Thanks a lot for helping me out!

Francois

albanD · February 26, 2020, 8:20pm

Hi,

The inplace operation happen when you do reset[layer] = XXX. This writes s subset of the Tensor inplace.
You can avoid doing this by just having reset being a list.
And if later you need to convert the content of that list into a single Tensor, you can do torch.stack(reset, dim=0).
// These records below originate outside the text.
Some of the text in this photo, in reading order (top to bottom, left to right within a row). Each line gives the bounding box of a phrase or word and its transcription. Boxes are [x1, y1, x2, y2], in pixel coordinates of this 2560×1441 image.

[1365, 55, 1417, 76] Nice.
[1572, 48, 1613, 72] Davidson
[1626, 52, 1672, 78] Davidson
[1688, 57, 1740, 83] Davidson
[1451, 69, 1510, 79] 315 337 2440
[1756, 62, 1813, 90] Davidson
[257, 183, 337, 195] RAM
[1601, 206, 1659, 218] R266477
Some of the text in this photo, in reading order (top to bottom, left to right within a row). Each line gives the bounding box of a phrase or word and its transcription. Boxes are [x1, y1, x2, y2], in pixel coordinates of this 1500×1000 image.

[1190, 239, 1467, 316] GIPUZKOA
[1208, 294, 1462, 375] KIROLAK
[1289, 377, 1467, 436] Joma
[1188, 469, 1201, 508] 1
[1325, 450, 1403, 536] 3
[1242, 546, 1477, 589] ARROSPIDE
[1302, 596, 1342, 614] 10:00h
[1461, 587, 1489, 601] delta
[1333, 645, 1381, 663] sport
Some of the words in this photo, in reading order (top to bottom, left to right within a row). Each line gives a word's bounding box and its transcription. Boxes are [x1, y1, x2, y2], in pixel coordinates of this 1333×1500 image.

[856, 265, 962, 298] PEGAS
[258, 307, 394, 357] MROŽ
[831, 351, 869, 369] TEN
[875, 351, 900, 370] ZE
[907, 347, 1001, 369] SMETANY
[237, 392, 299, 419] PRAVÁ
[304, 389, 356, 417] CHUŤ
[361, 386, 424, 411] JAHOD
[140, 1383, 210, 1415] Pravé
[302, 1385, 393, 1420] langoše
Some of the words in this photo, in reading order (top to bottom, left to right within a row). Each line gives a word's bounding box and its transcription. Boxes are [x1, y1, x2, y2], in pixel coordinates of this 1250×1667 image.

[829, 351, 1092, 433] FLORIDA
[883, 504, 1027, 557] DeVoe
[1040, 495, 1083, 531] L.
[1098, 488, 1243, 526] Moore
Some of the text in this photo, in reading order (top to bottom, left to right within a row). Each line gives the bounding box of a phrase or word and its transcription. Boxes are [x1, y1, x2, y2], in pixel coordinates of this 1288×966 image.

milhouse74 · February 26, 2020, 8:35pm

Thanks Alban for the quick answer!

It solves some of my problems, that is perfect. I did some changes to my code to fix this. However, I know that I am still doing an in-place operation on the memory and/or hidden line of code. I dont have a clue of how to fix it.

# operations
reset = torch.sigmoid(self.r[layer](torch.cat([input_, hidden[layer]], 1)))
forget = torch.sigmoid(self.z[layer](torch.cat([input_, hidden[layer]], 1)))
memory_temp = torch.tanh(self.h[layer](torch.cat([input_, torch.mul(reset, hidden[layer])], 1)))
hidden[layer] = torch.mul((one_matrix-forget), hidden[layer]) + torch.mul(reset, memory_temp)

Would the solution to have the formula of memory_temp and hidden[layer] be dependant on the clone() of hidden would make sense? I did clone just before those operation and it seems to work. However, would that still work with backprop?

Thanks again for your help!

albanD · February 26, 2020, 10:03pm

If the autograd does not raise an error, then the backprop will work

Here, you can have hidden to be a list and just append to it no?